Saved entries.

^^^^^^^^^^^^^^^^

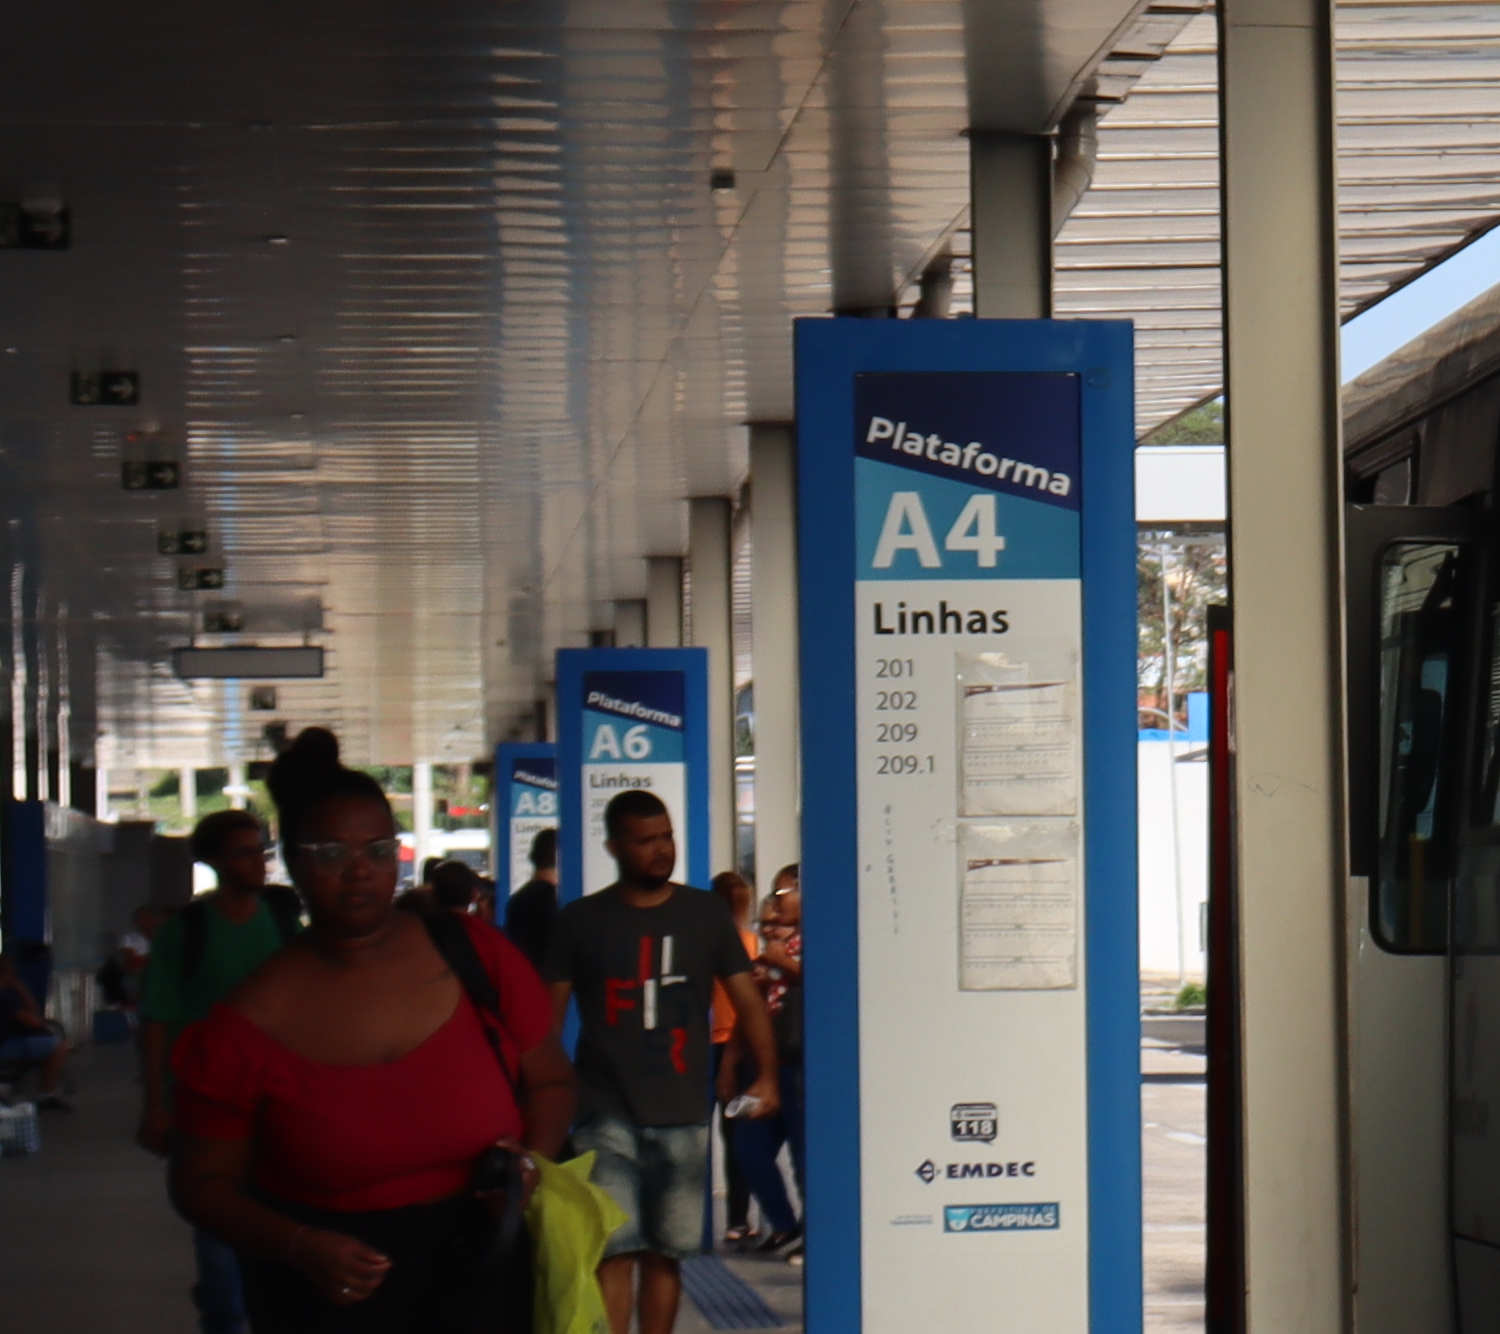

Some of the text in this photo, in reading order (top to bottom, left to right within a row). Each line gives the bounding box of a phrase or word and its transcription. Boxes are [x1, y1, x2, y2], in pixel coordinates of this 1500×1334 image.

[866, 415, 1072, 498] Plataforma
[870, 490, 1007, 570] A4
[873, 601, 1010, 636] Linhas
[876, 658, 916, 678] 201
[587, 691, 682, 727] Plataforma
[876, 691, 918, 711] 202
[589, 723, 653, 760] A6
[876, 723, 918, 743] 209
[876, 754, 936, 775] 209.1
[589, 773, 653, 789] Linhas
[516, 791, 556, 815] A8
[955, 1120, 994, 1136] 118
[946, 1160, 1037, 1180] EMDEC
[970, 1212, 1057, 1229] CAMPINAS
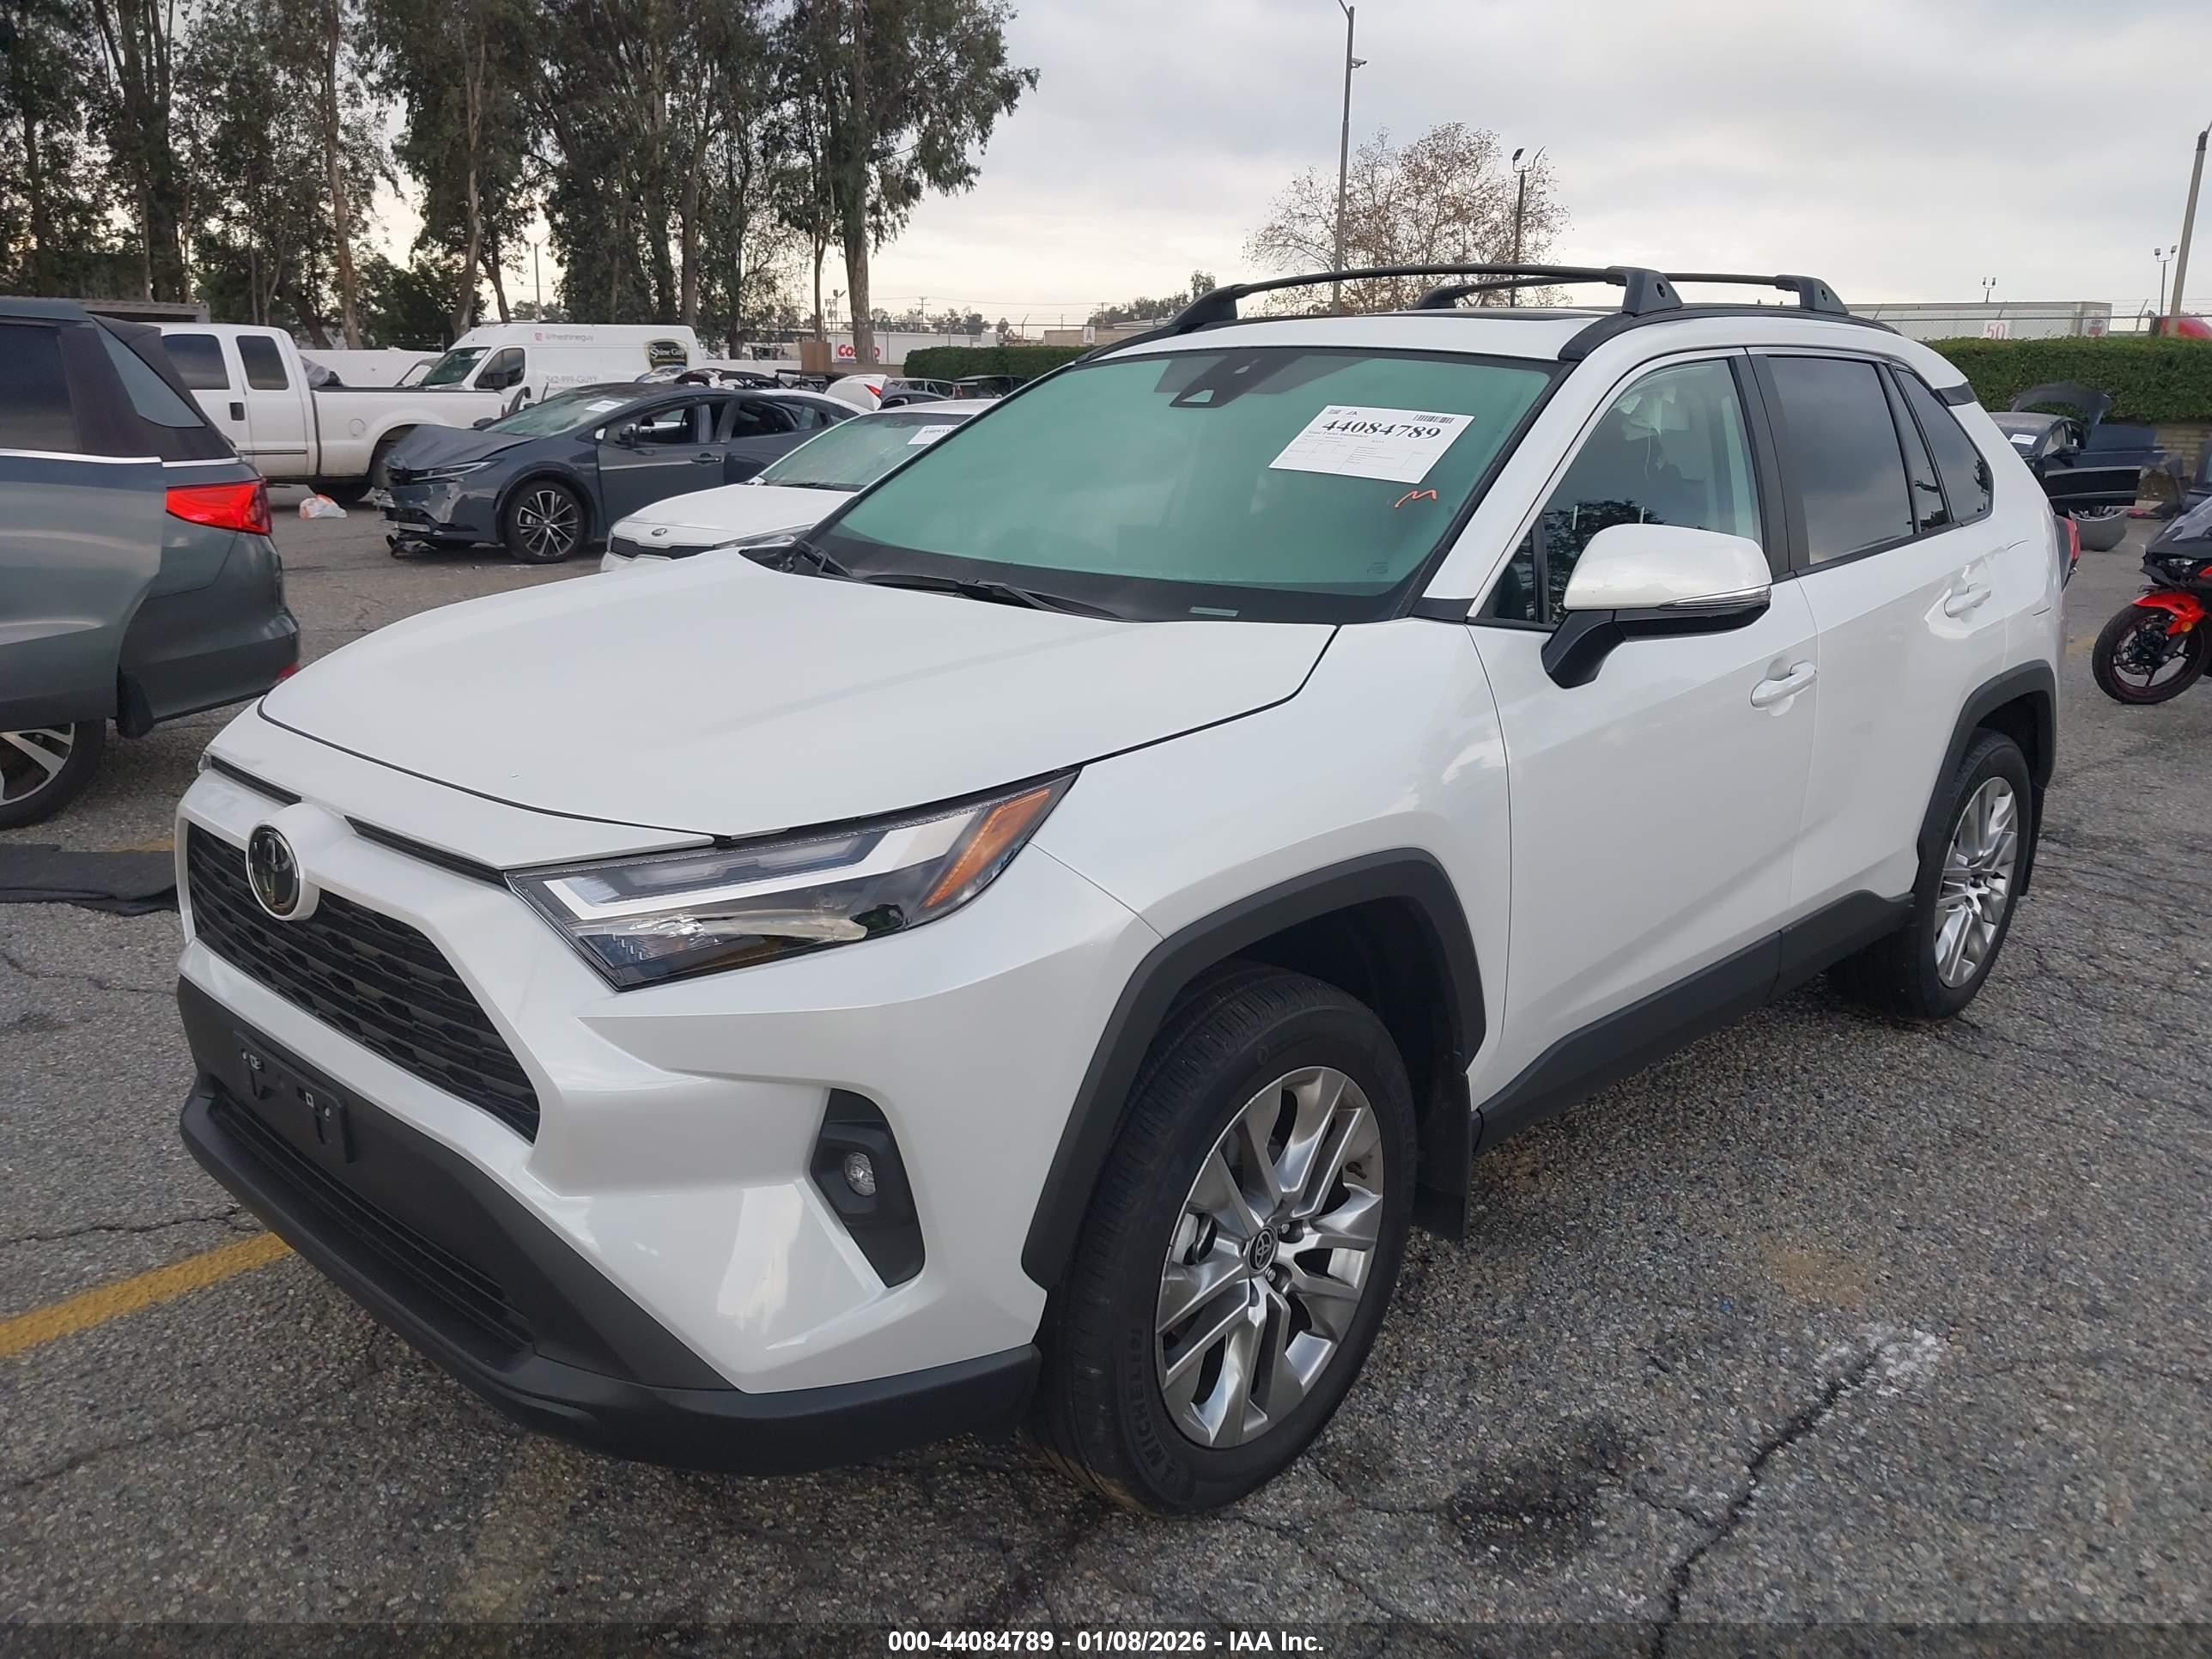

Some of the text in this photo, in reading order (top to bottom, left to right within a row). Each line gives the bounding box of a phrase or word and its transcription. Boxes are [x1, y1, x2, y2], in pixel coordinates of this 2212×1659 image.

[1085, 328, 1092, 341] A
[1986, 323, 2006, 339] 50
[838, 344, 880, 357] Coo
[1322, 420, 1442, 440] 44084789
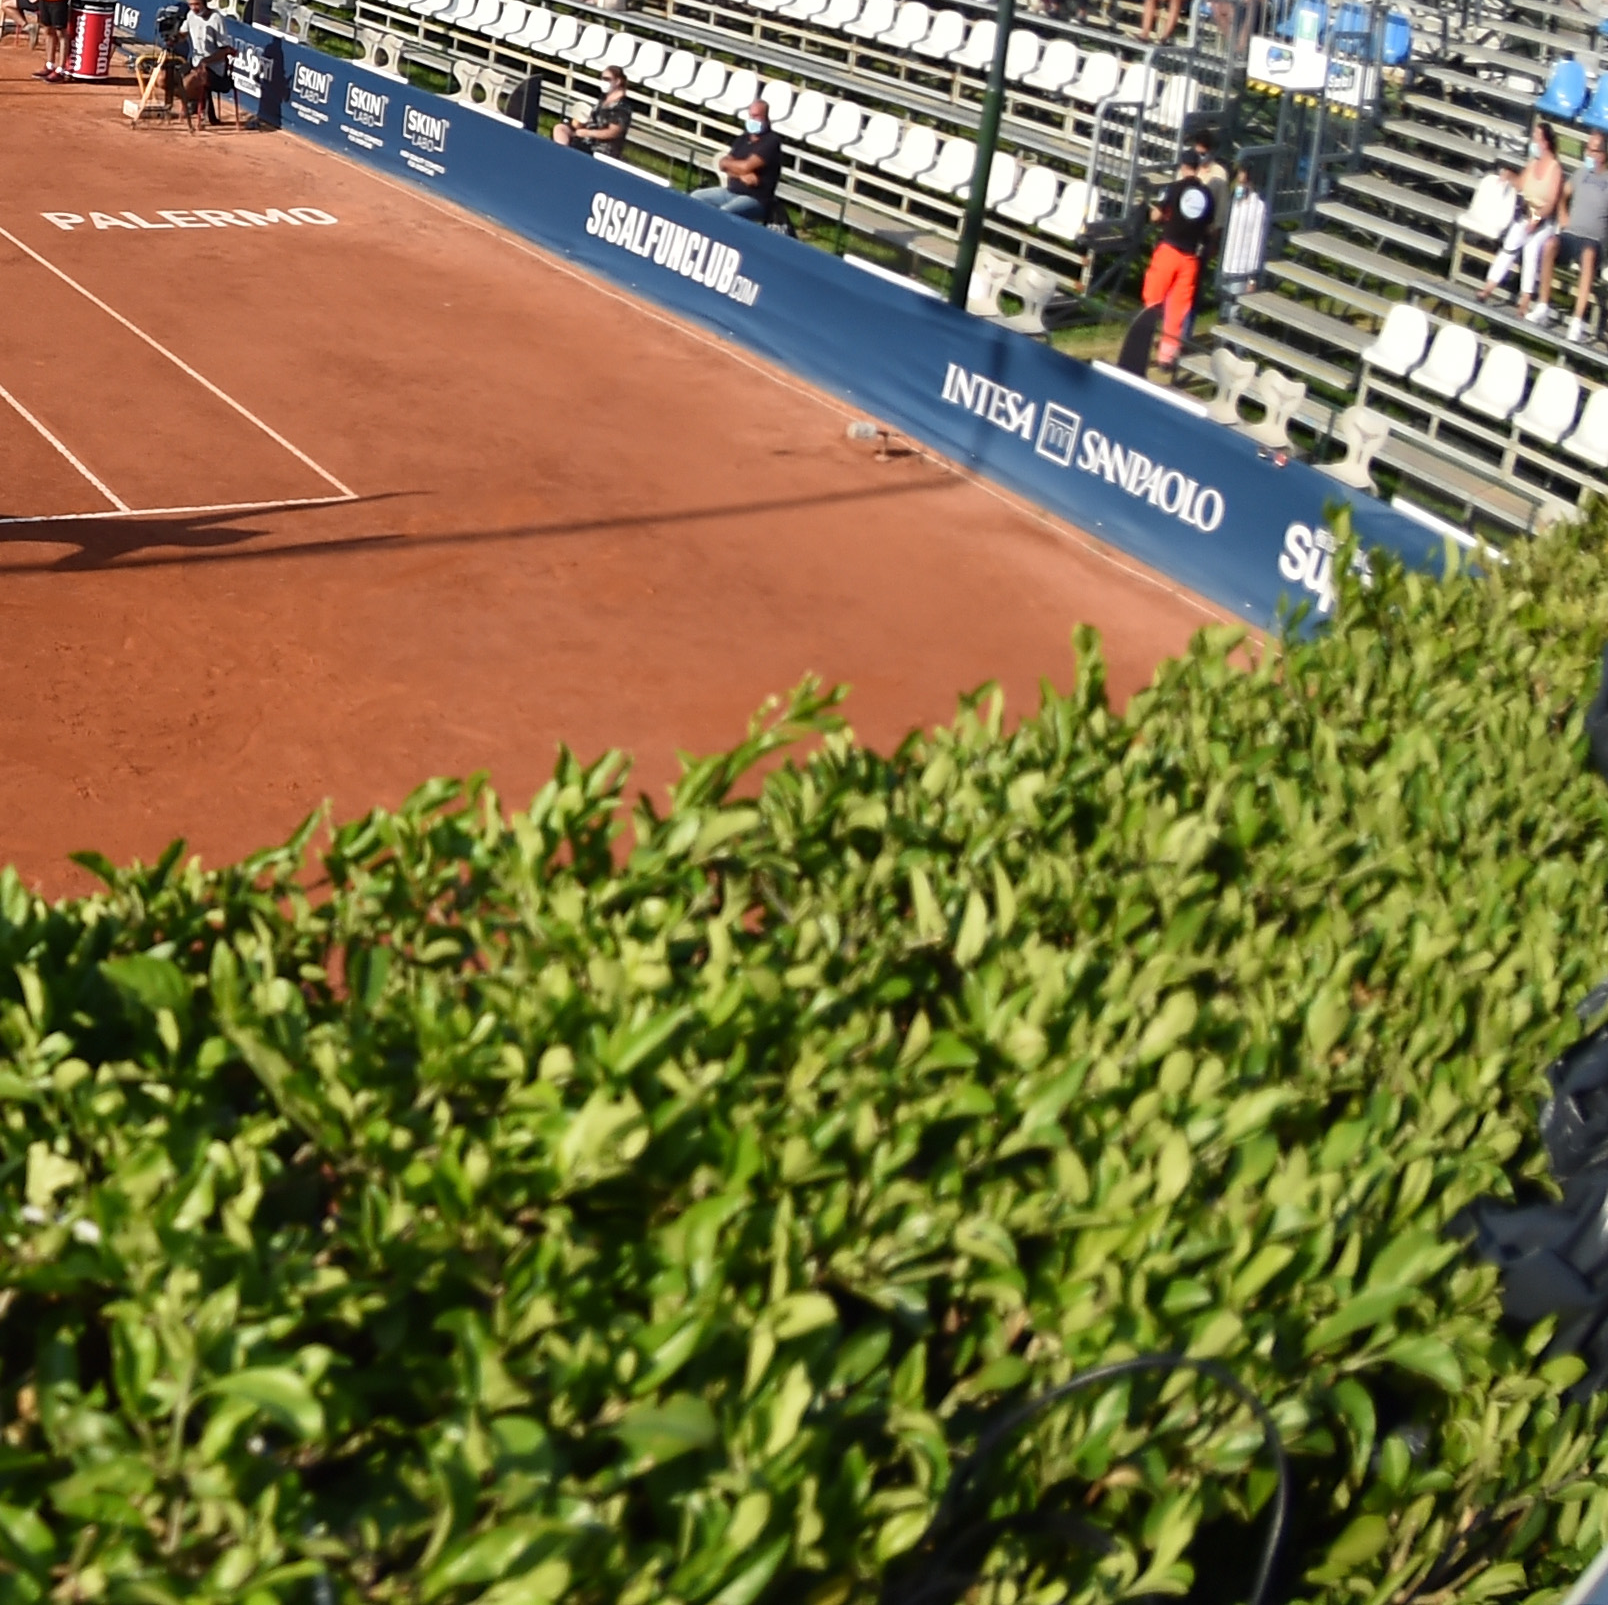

^^^^^^^^^^^^^^^^

WHAT THE TASK REQUIRES. Reproduce all of the data exactly, omitting each picture it holds.

OUTPUT FOR THIS EXERCISE.
Some of the text in this photo, in reading order (top to bottom, left to right within a row). Each line gives the bounding box of a phrase or word and its transcription. Boxes are [x1, y1, x2, y2], in pixel coordinates of this 1500×1334 image.

[866, 415, 1072, 498] Plataforma
[870, 490, 1007, 570] A4
[873, 601, 1010, 636] Linhas
[876, 658, 916, 678] 201
[587, 691, 682, 727] Plataforma
[876, 691, 918, 711] 202
[589, 723, 653, 760] A6
[876, 723, 918, 743] 209
[876, 754, 936, 775] 209.1
[589, 773, 653, 789] Linhas
[516, 791, 556, 815] A8
[955, 1120, 994, 1136] 118
[946, 1160, 1037, 1180] EMDEC
[970, 1212, 1057, 1229] CAMPINAS

Some of the text in this photo, in reading order (top to bottom, left to right within a row). Each line gives the bounding box of a phrase or word and its transcription. Boxes are [x1, y1, x2, y2], in pixel coordinates of this 2212×1659 image.

[1085, 328, 1092, 341] A
[1986, 323, 2006, 339] 50
[838, 344, 880, 357] Coo
[1322, 420, 1442, 440] 44084789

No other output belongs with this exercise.